CHCR-FM
- Killaloe, Ontario; Canada;
- Frequency: 102.9 MHz
- Branding: Canadian Homegrown Community Radio

Programming
- Format: Community radio

Ownership
- Owner: Homegrown Community Radio

History
- First air date: 1998

Technical information
- Licensing authority: CRTC
- ERP: 33 watts
- HAAT: 20.5 metres (67 ft)
- Transmitter coordinates: 45°33′18″N 77°24′56″W﻿ / ﻿45.55500°N 77.41556°W
- Repeater: 104.5 CHCR-FM-1 (Wilno)

= CHCR-FM =

Community radio station in Killaloe, Ontario

CHCR-FM is a community radio station broadcasting at 102.9 FM in Killaloe, Ontario, with a repeater at 104.5 FM in Wilno, known as Canadian Homegrown Community Radio.

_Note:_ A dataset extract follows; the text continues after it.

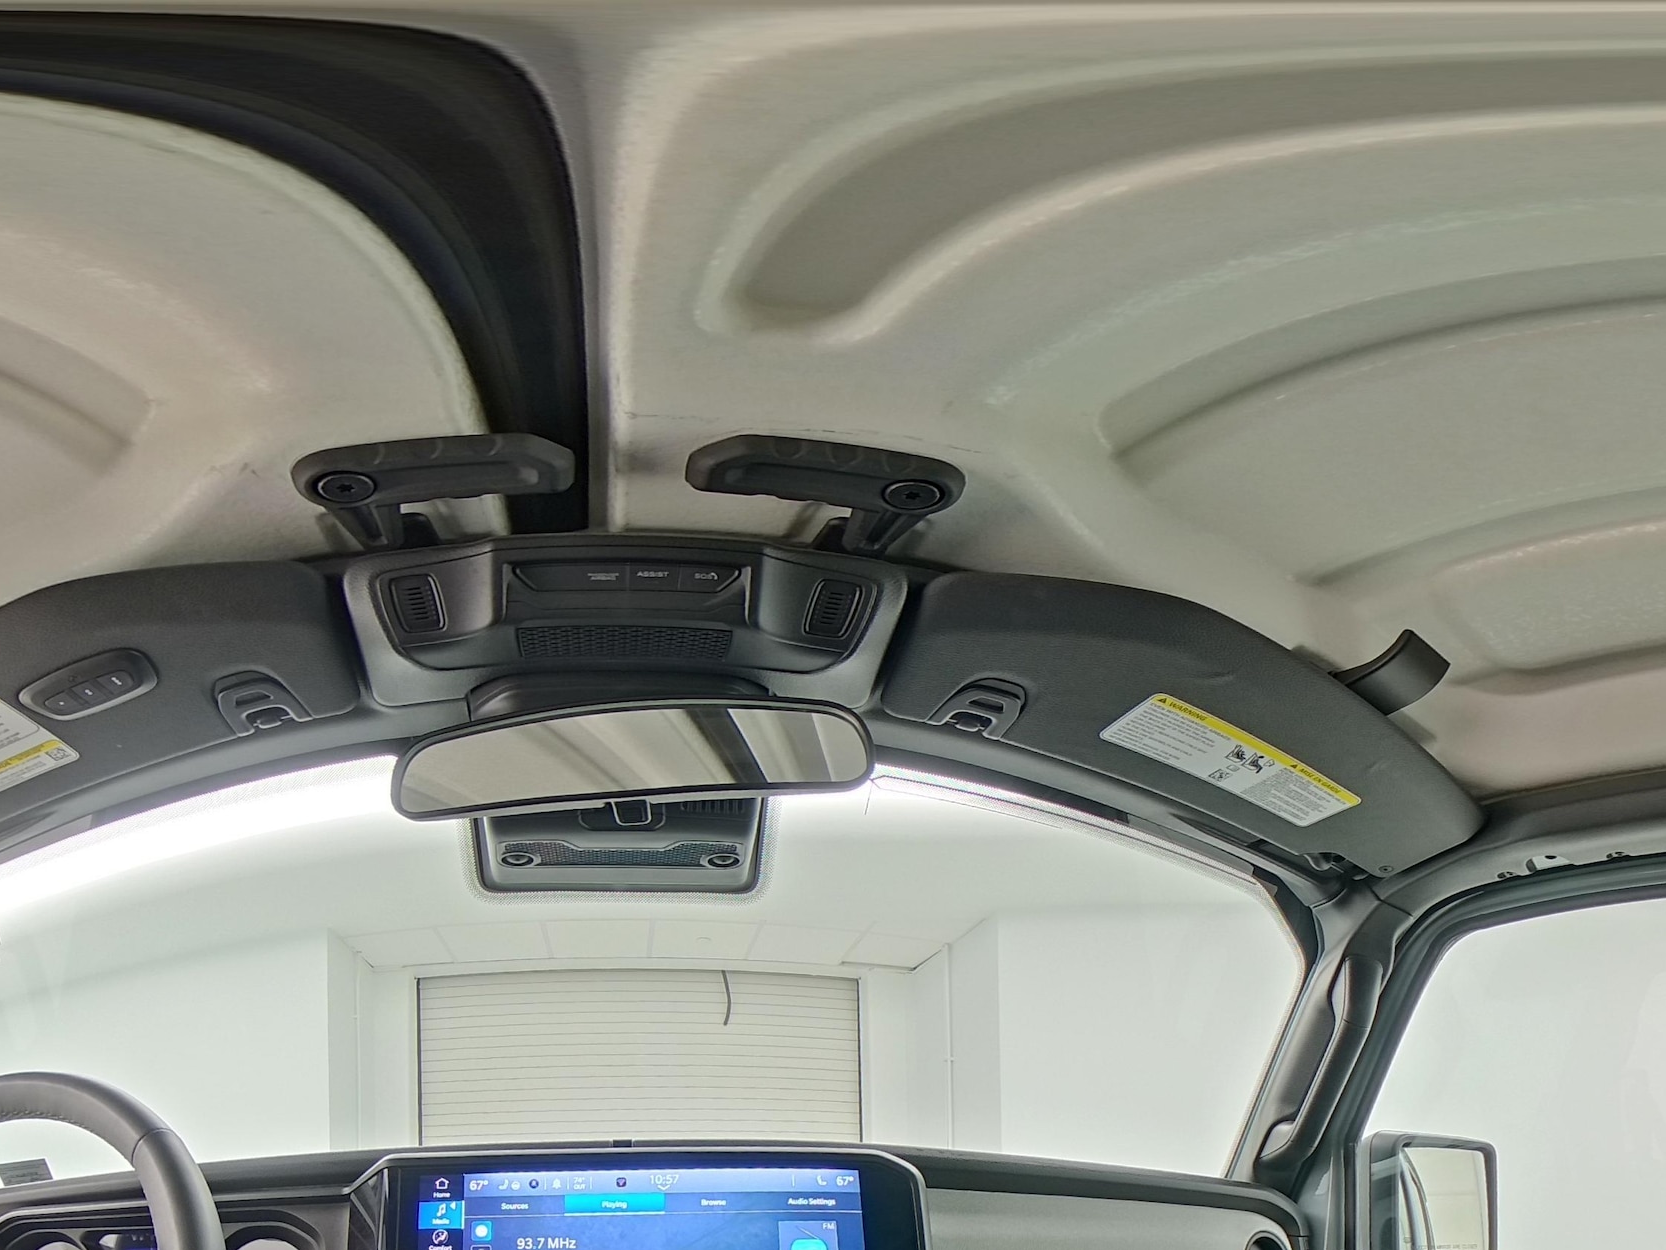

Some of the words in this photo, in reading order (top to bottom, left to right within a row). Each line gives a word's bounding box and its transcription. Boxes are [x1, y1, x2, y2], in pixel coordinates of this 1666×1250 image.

The station began broadcasting in 1998 at 102.9 FM and later added a rebroadcast transmitter at Wilno on 104.5 FM in 2003.

In August 2023, it was announced that the radio station, CHCR-FM, is at risk of shutting down due to lack of volunteers. CHCR-FM is looking for volunteers to keep the radio station on the air.